Three decades after the Levellers had been censored and suppressed, another radical, secular, and proto-democratic defense of free speech appeared across the Channel in the Dutch Republic. Although the Theological-Political Treatise (1670) was published anonymously and carried a Hamburg imprint, it was written by the Dutch-Jewish philosopher Baruch Spinoza and published in Amsterdam.
In contrast to Dabhoiwala’s narrative of free speech as the offspring of privilege, Spinoza’s Treatise was shaped by persecution and tragedy. Having already been excommunicated by Amsterdam’s Jewish community for heretical views, Spinoza could not risk publishing under his own name even in Europe’s most liberal and tolerant state at the time, the Dutch Republic. In 1668, two years before the Treatise’s publication, Spinoza’s friend Adriaan Koerbagh was arrested and sentenced to a decade in prison for an irreverent book. The publication made him a target for hardliners in the Reformed Church who pushed the government to narrow the permissible limits of speech. Koerbagh died in prison shortly thereafter, a broken man. Episodes like this helped push Spinoza toward a comprehensive defense of free speech that, contra Dabhoiwala, arguably went beyond Cato’s Letters.

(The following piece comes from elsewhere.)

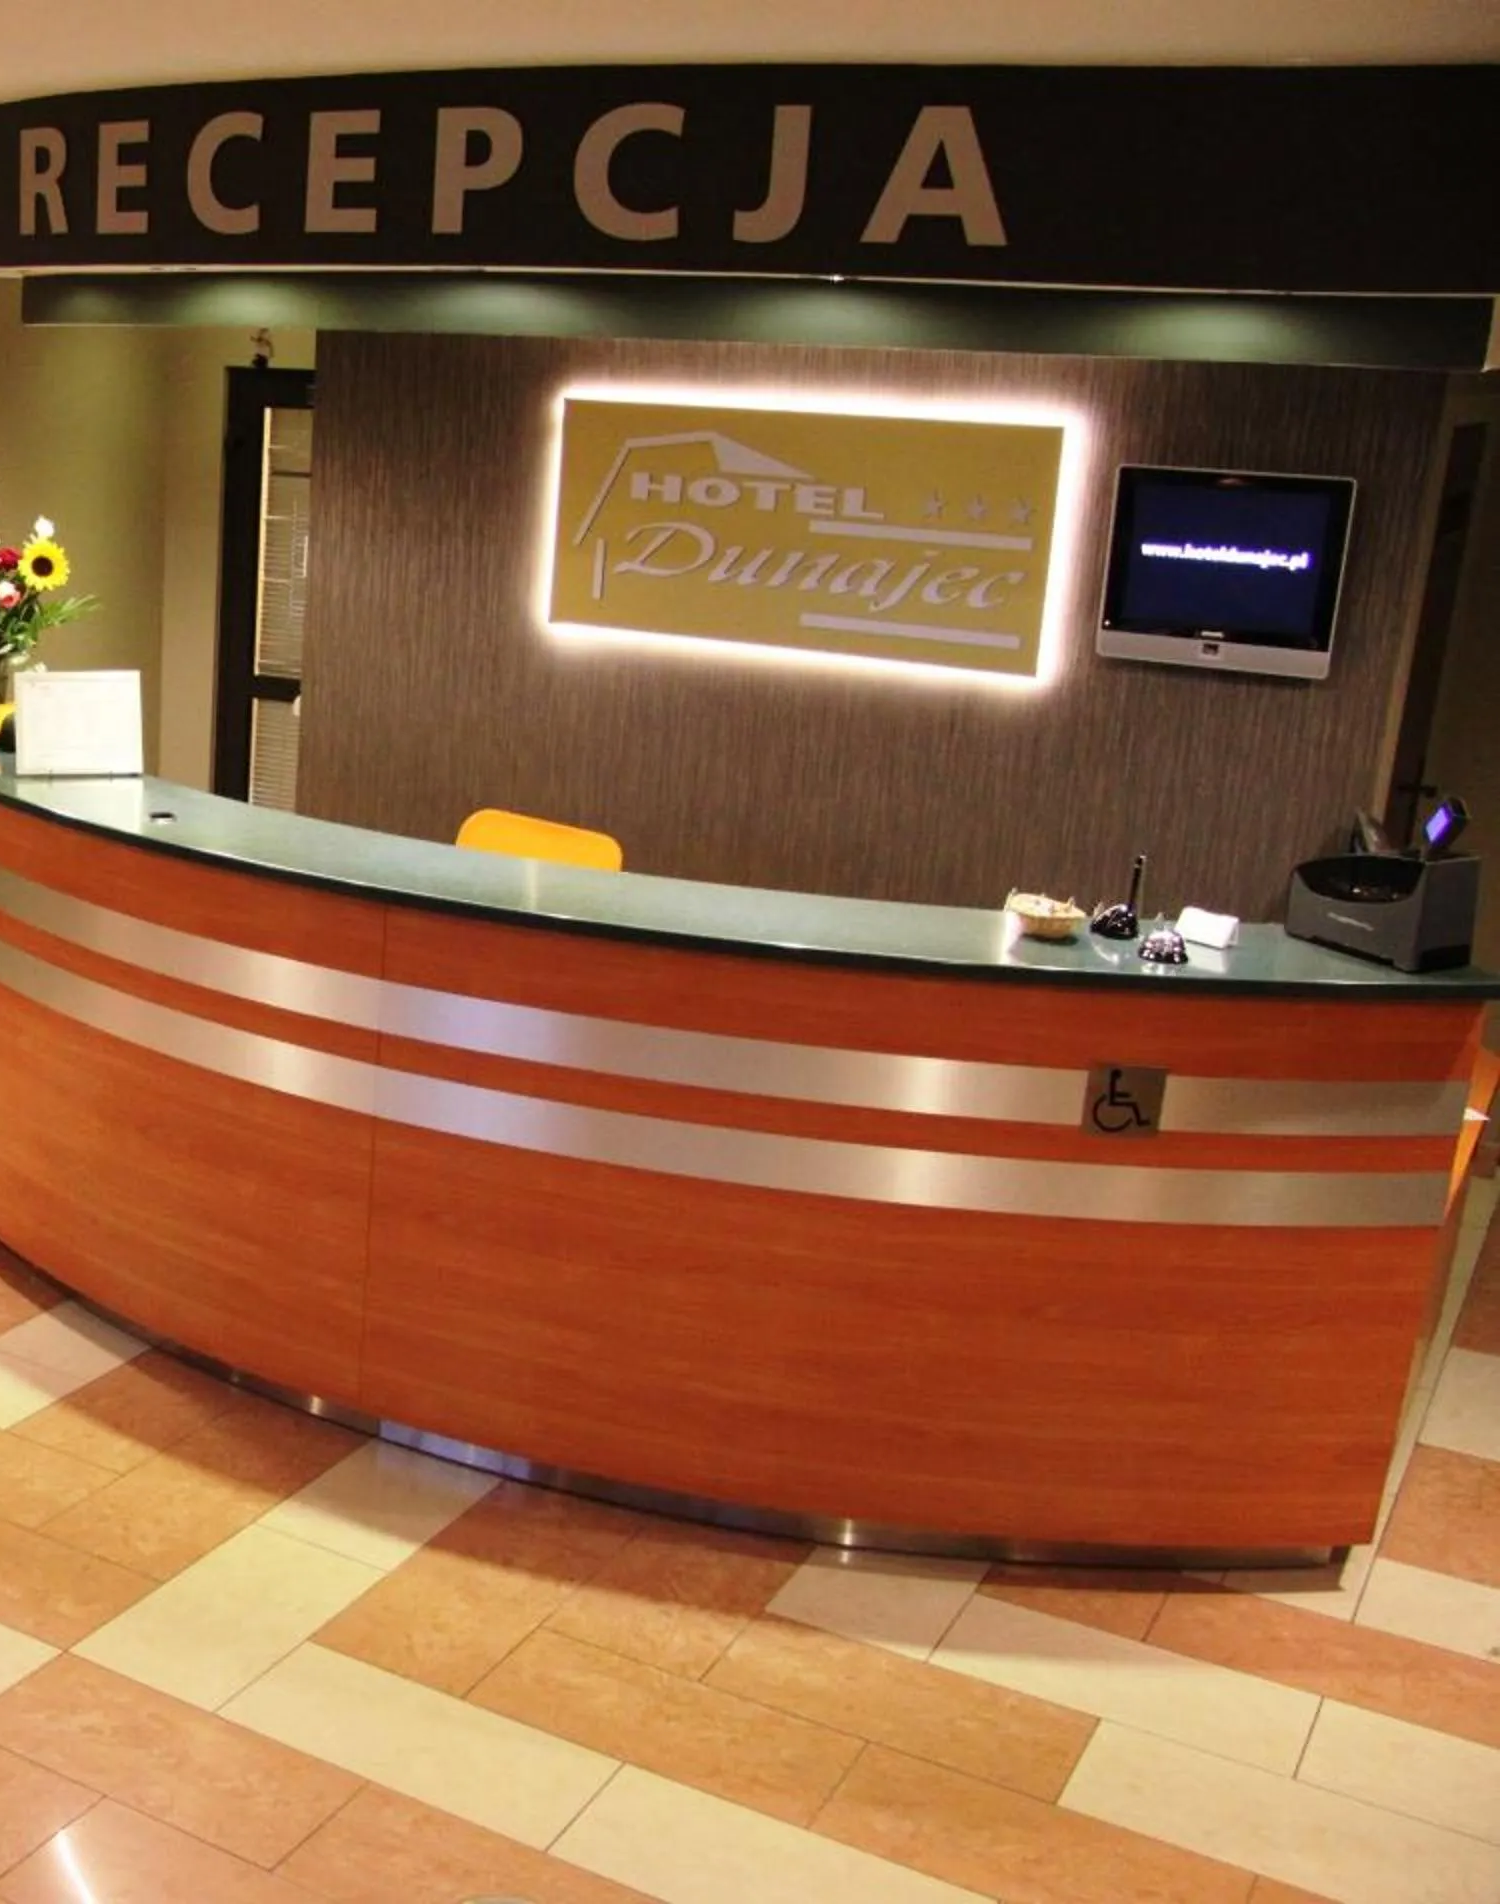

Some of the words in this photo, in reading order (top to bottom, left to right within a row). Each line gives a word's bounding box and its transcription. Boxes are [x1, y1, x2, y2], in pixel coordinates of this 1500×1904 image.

But this is the most Dabhoiwala has to say about Spinoza:
“Even Baruch Spinoza, the most radical 17th-century theorist of libertas philosophandi, stressed this point. Freedom of philosophical speculation was ‘absolutely necessary for progress in science and the liberal arts’, he explained, but no one should speak or act against ‘the laws of the authorities’ or propound seditious doctrines: ‘loyalty to the state is paramount’.”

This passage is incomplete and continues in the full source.